Policy Review & Process Improvement

• Review existing IT security policies, procedures, and documentation to evaluate effectiveness and identify areas for improvement.
• Provide recommendations to strengthen internal security controls and ensure alignment with federal regulations, agency requirements, and industry best practices.
• Assist in maintaining and updating compliance documentation, security procedures, and audit artifacts.

Reporting & Risk Management

• Document audit findings and security assessment results in detailed reports for management review.
• Identify security vulnerabilities, compliance gaps, and potential risks, while providing actionable remediation recommendations.
• Support tracking and follow-up of remediation activities to ensure timely resolution of identified issues.

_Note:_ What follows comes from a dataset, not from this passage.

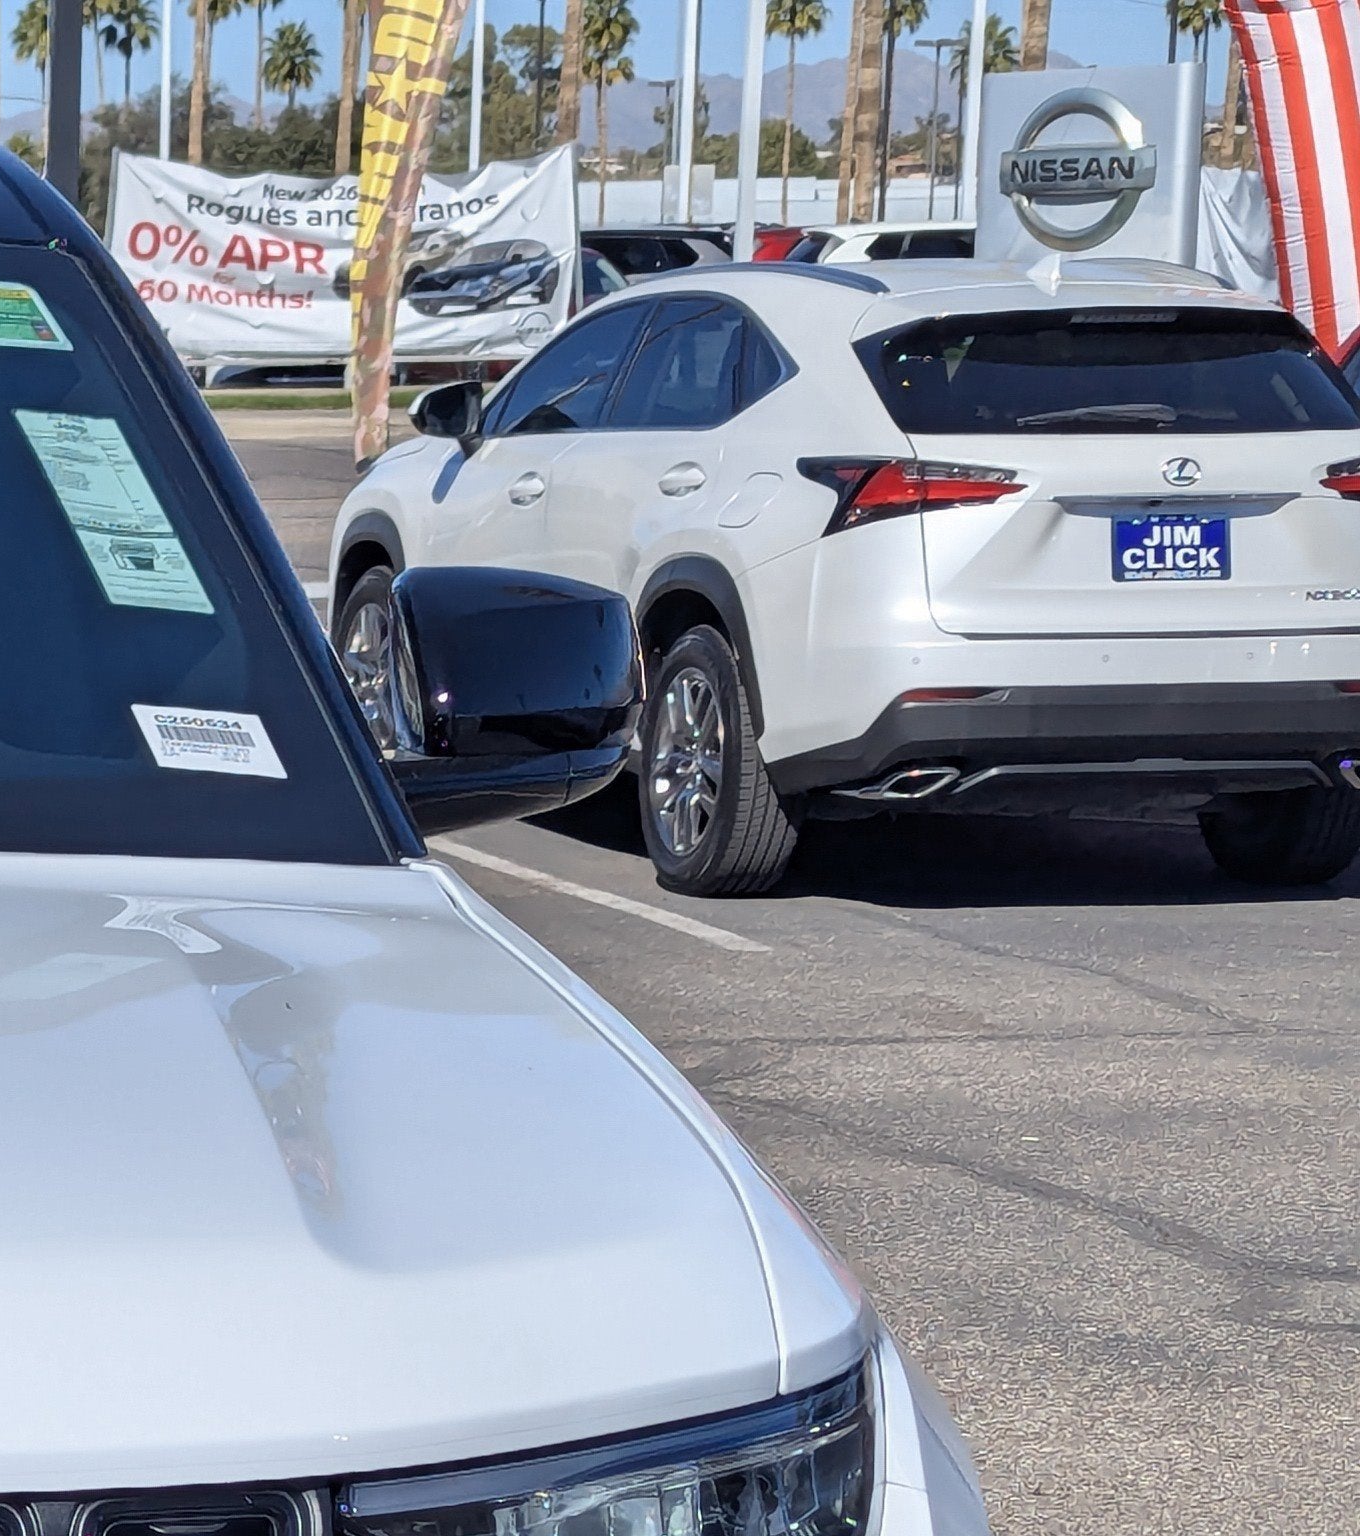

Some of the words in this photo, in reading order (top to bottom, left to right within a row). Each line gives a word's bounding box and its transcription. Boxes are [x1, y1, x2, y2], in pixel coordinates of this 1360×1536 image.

Cybersecurity Compliance Support

• Provide support in interpreting and applying federal cybersecurity compliance frameworks and standards.
• Assist with compliance activities related to:
• Federal Information Security Modernization Act (FISMA)
• NIST Risk Management Framework (RMF)
• Privacy Act compliance requirements
• Agency-specific cybersecurity and privacy policies
• Collaborate with internal teams to ensure security controls are implemented and maintained in accordance with federal standards.

Required Qualifications

• Bachelor's degree in Information Technology, Cybersecurity, Computer Science, Information Systems, or a related field (or equivalent professional experience).
• 1–3 years of experience supporting IT systems administration, cybersecurity, security compliance, or audit activities.
• Basic understanding of federal cybersecurity frameworks including NIST RMF, FISMA, and security compliance standards.
• Experience with JCAM application designed to help federal agencies streamline compliance, security, and authorization processes is preferred.
• Experience performing vulnerability assessments, system security reviews, or compliance audits.
• Ability to analyze technical security findings and communicate recommendations clearly.
• Strong written communication skills with experience preparing technical reports and documentation in Word or PowerPoint format.
• Ability to work independently while collaborating effectively within a team environment.